The Portland Press Herald reported that Charlotte’s Legendary Lobster Pound in Southwest Harbor remains open but has stopped allowing customers to request meat from lobsters sedated with marijuana.
Owner Charlotte Gill is a state-licensed medical marijuana caregiver. She said on Friday she hoped to resume sales of “smoked” lobster meat by mid-October, a move meant to lessen the suffering of her lobsters before they are dropped in boiling water.
It is unknown whether pot smoke calms lobsters or has any effect on their meat.
A Maine Department of Health and Human Services spokeswoman, Emily Spencer, would not say if the state had asked Gill to halt such sales.
But Gill told the Press Herald that “after being contacted by the state, and upon reviewing its present laws and codes applicable to this arena, and then making a few minor adjustments to our procedure, we are completely confident that we will be able to proceed as planned”.
“I imagine we will still have a push back from the state on our hands,” she said, “but we are confident that we will be able to field any issues they may have with us, and do it with grace.

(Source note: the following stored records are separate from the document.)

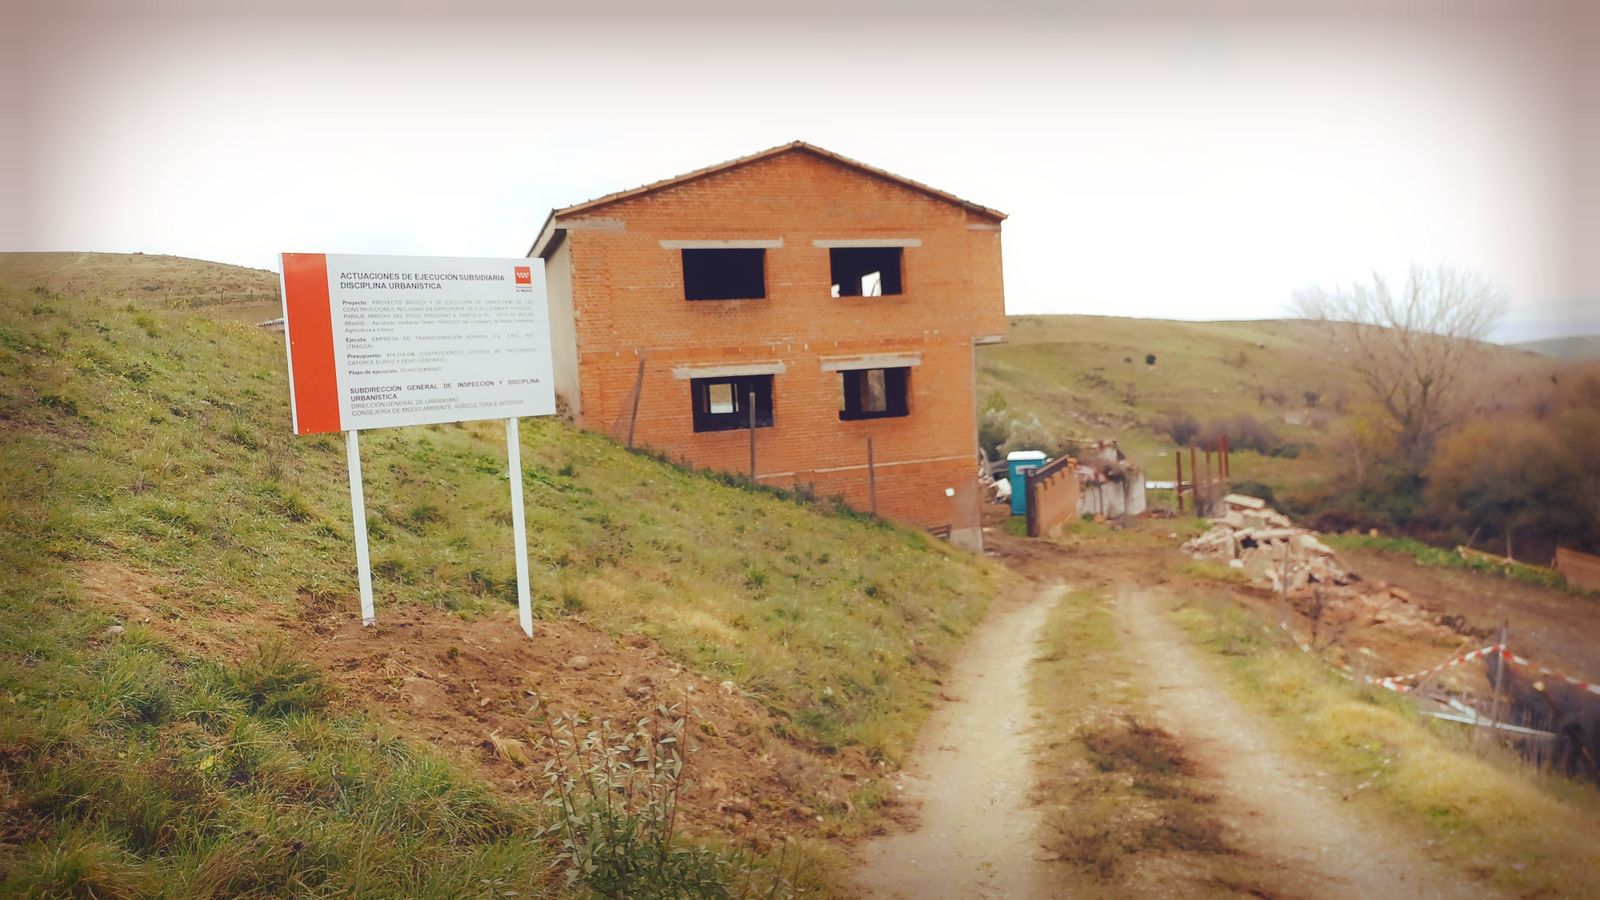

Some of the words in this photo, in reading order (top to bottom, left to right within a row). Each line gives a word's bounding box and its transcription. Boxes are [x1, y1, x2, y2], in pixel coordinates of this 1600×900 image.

[340, 272, 400, 280] ACTUACIONES
[350, 384, 402, 394] SUBDIRECCIÓN
[407, 383, 438, 391] GENERAL
[457, 380, 494, 388] INSPECCIÓN
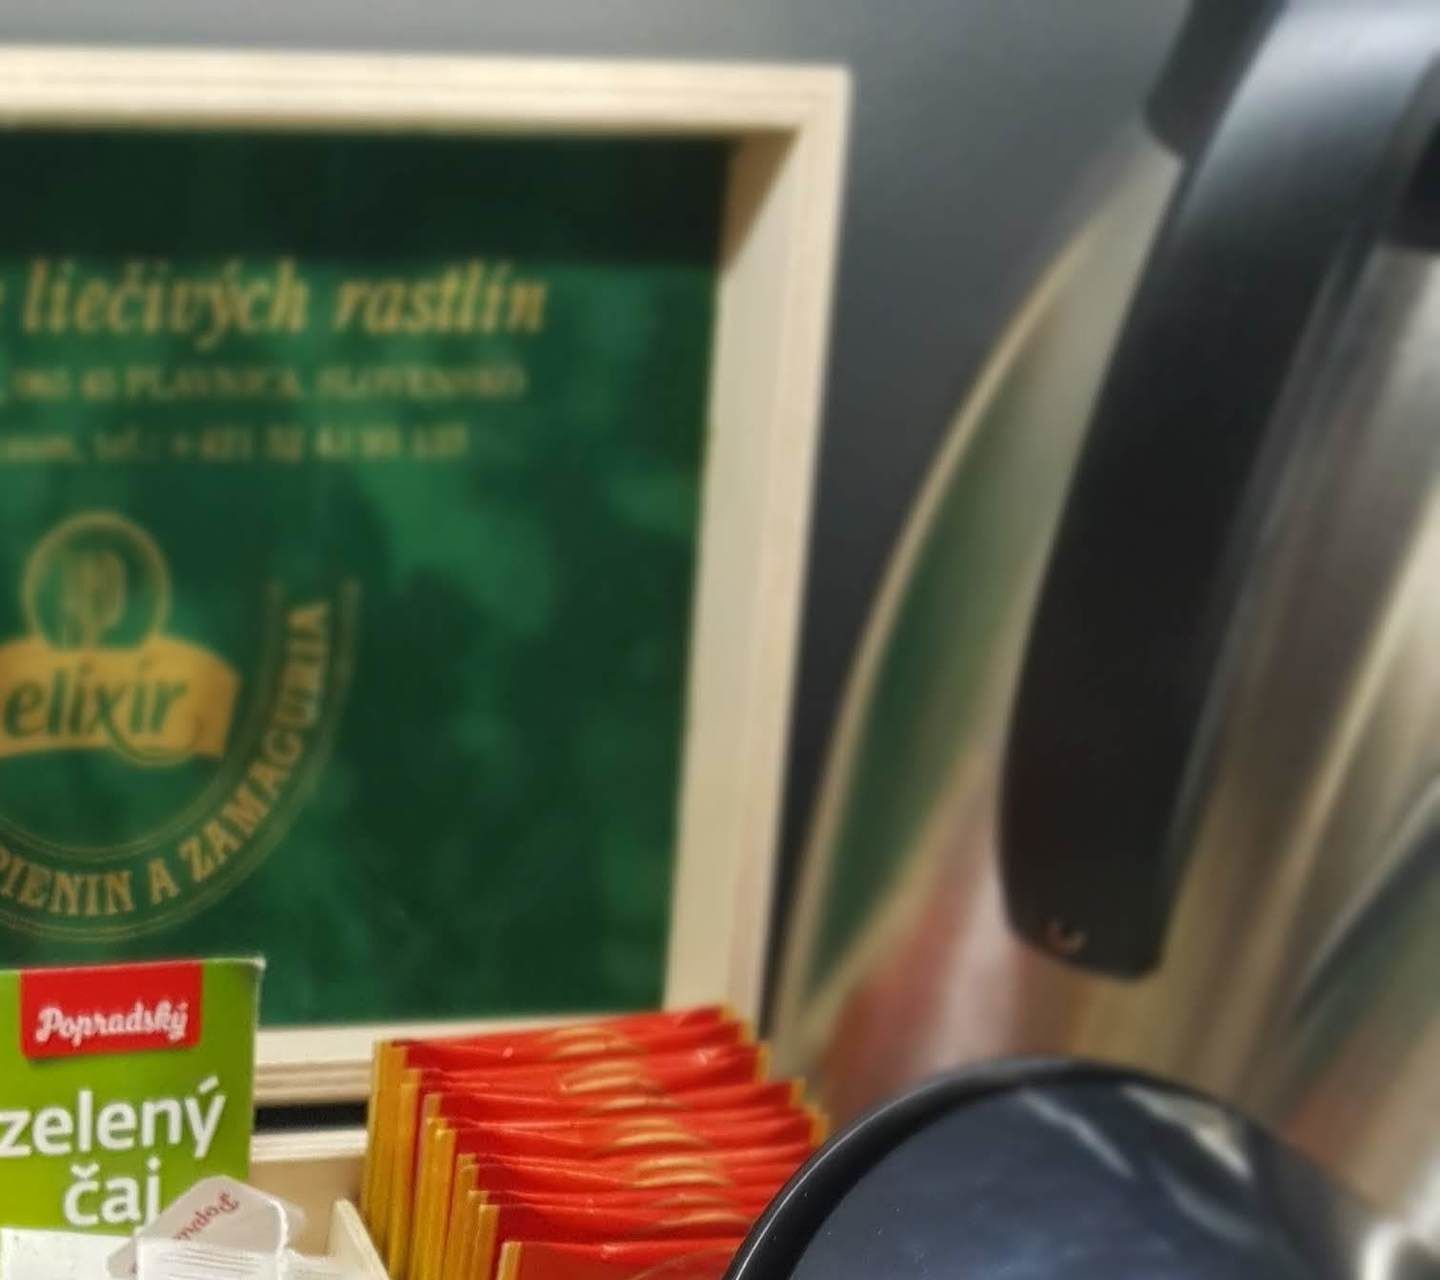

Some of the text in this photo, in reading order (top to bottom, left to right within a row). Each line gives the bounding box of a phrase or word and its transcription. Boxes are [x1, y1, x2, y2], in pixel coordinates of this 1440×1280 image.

[22, 255, 310, 354] liečivých
[332, 257, 552, 335] rastlín
[3, 658, 190, 744] elixir
[148, 857, 183, 907] A
[34, 1000, 190, 1047] Popradský
[62, 1156, 161, 1228] čaj
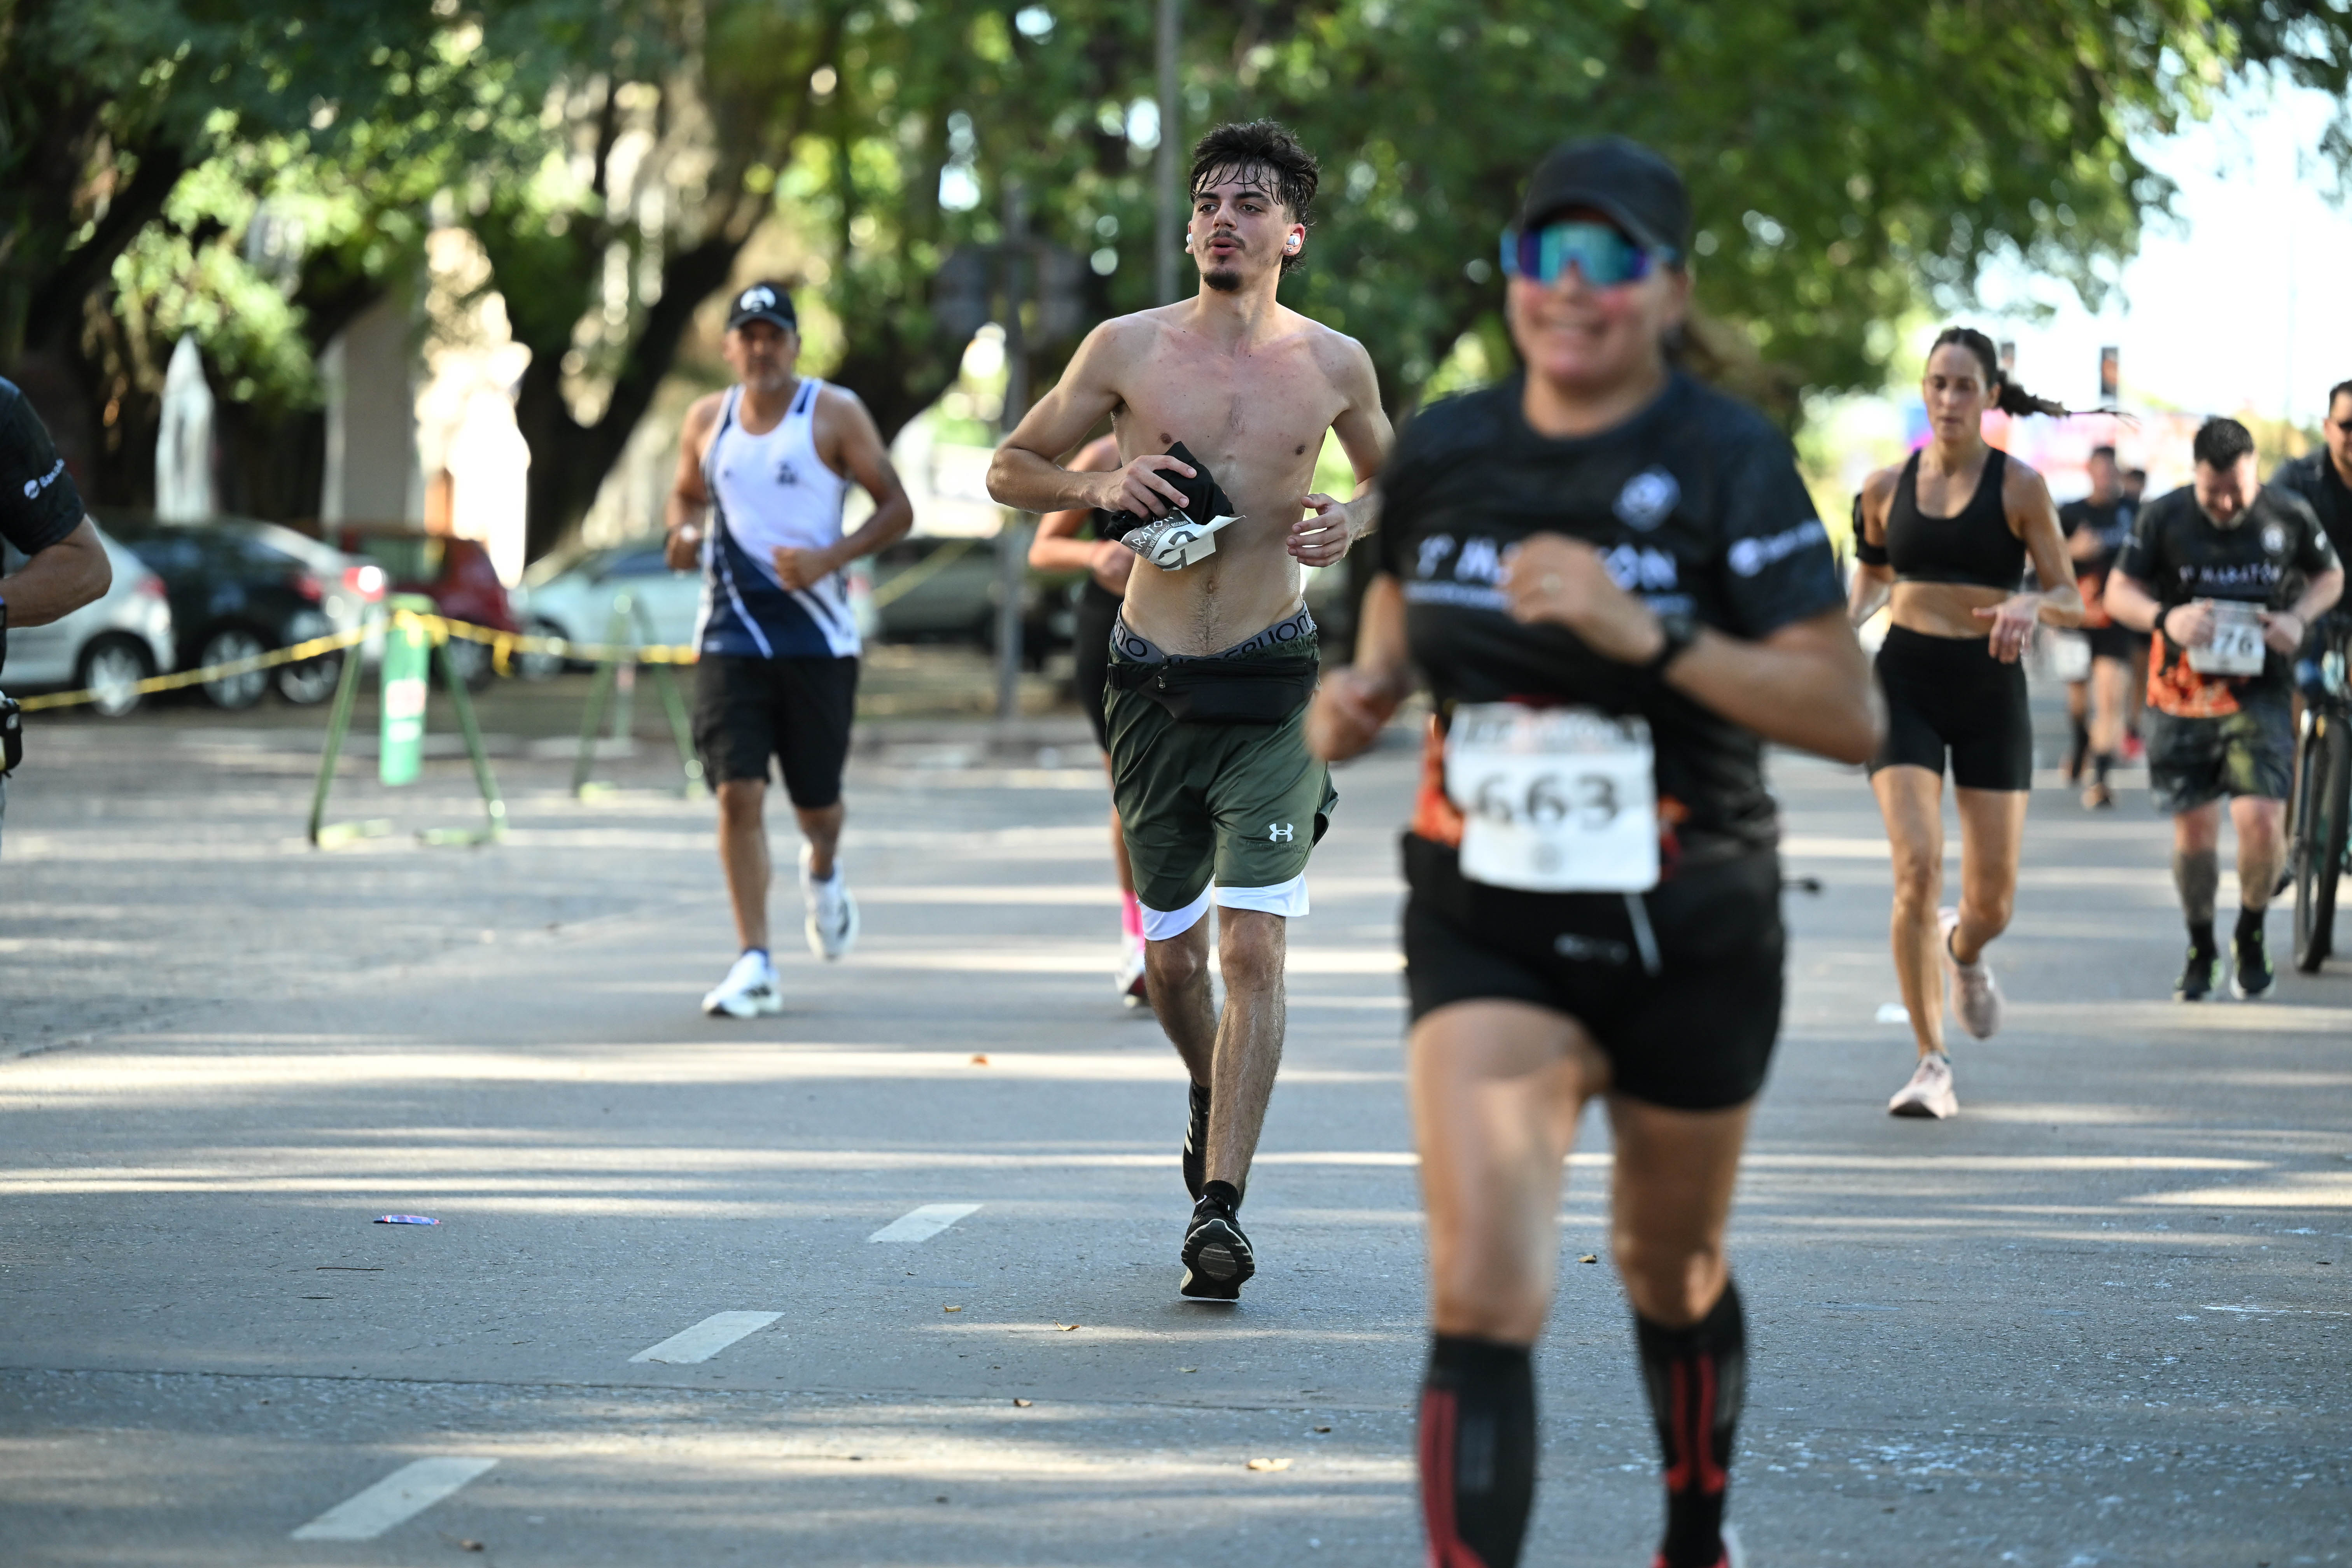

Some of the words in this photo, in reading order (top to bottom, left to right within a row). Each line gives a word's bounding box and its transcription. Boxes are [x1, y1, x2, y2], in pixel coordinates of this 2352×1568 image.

[1130, 516, 1174, 553] ARATO
[1148, 524, 1172, 548] VOLUNTARIOS
[2207, 629, 2255, 658] 76
[1475, 774, 1619, 831] 663
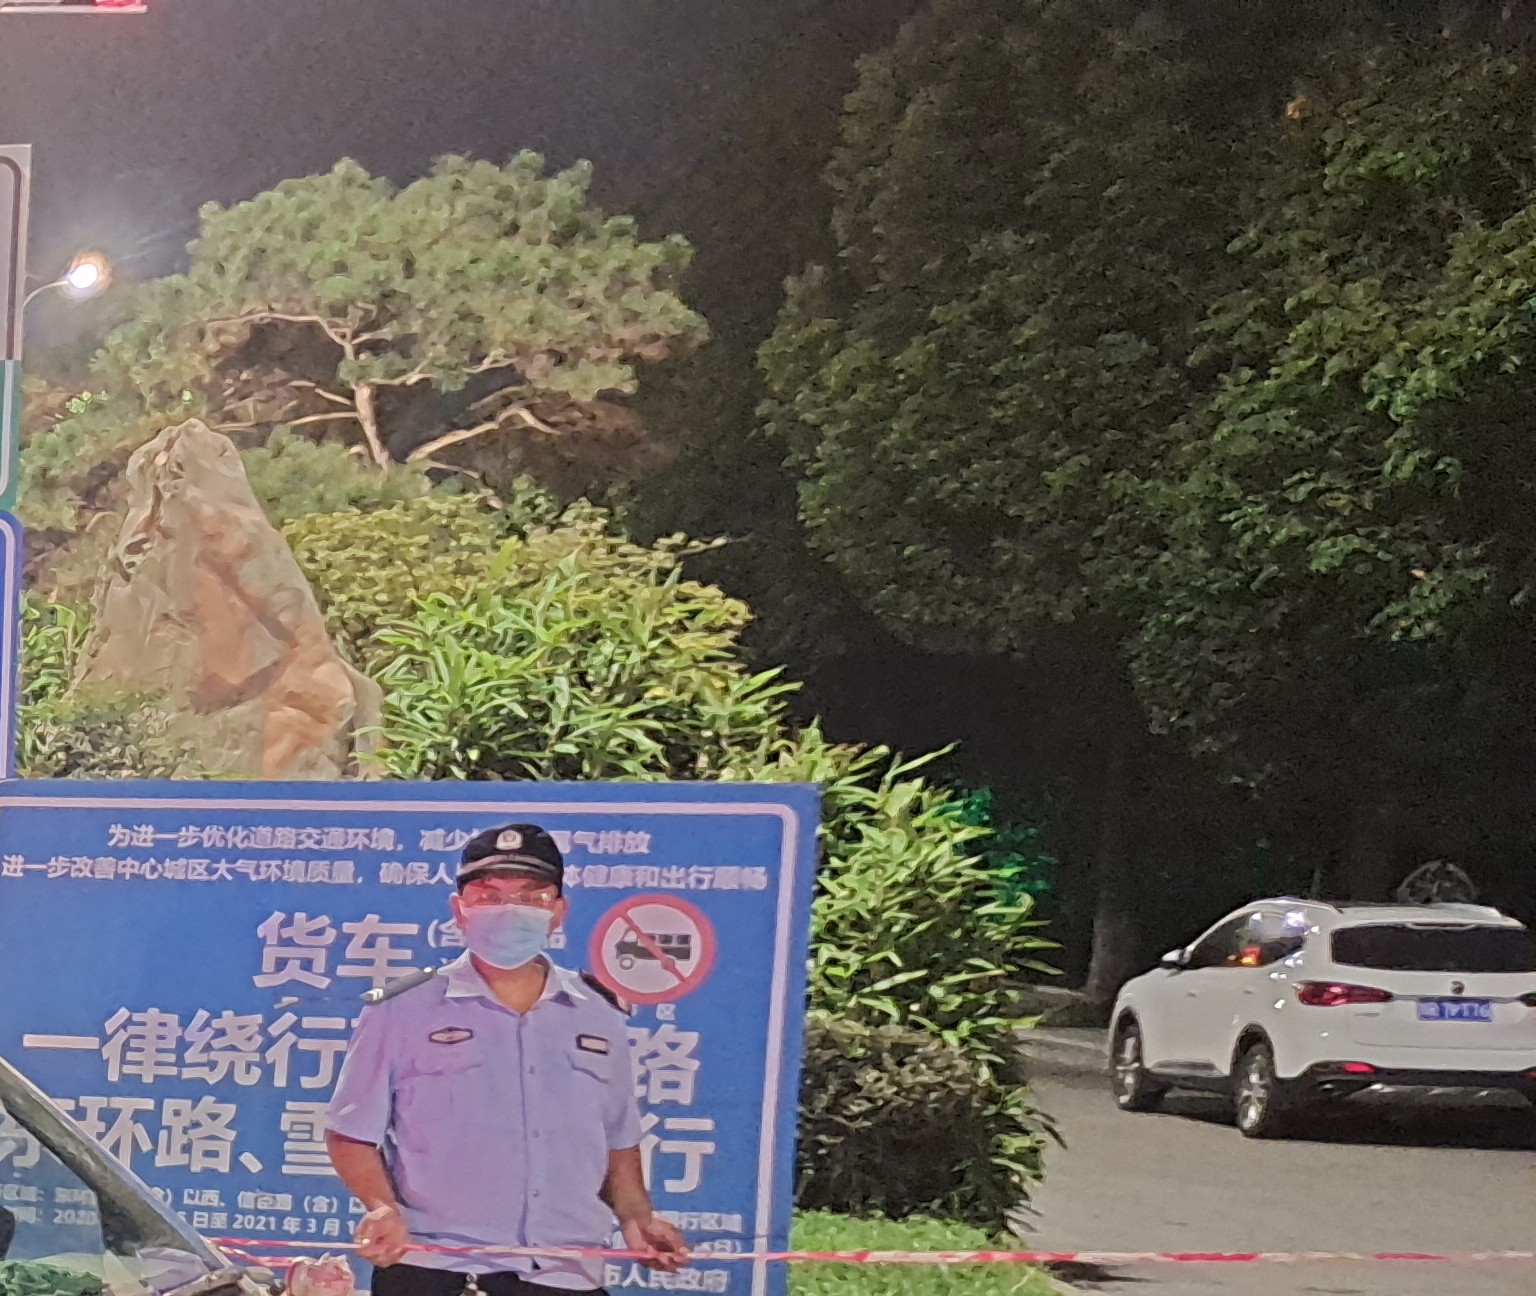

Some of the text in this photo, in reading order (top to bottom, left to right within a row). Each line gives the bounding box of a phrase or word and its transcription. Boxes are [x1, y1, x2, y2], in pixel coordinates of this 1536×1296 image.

[252, 909, 421, 992] 货车
[22, 1006, 701, 1105] 一律绕行 路
[639, 1112, 716, 1193] 行

“These are important issues and ones that can also benefit not only the lobster, but the industry as well. Truly we are not trying to go against [the state’s] wishes and would love to work with them in order for us all to make this world a kinder place.”
Spencer said it would be up to the Maine Medical Marijuana Program to determine if Gill was using cannabis appropriately. A program spokesman, David Heidrich, told the newspaper he could not confirm if it was investigating the lobster restaurant.
But he added: “Medical marijuana may only be grown for and provided to persons with a marijuana recommendation from a qualified medical provider. Lobsters are not people.”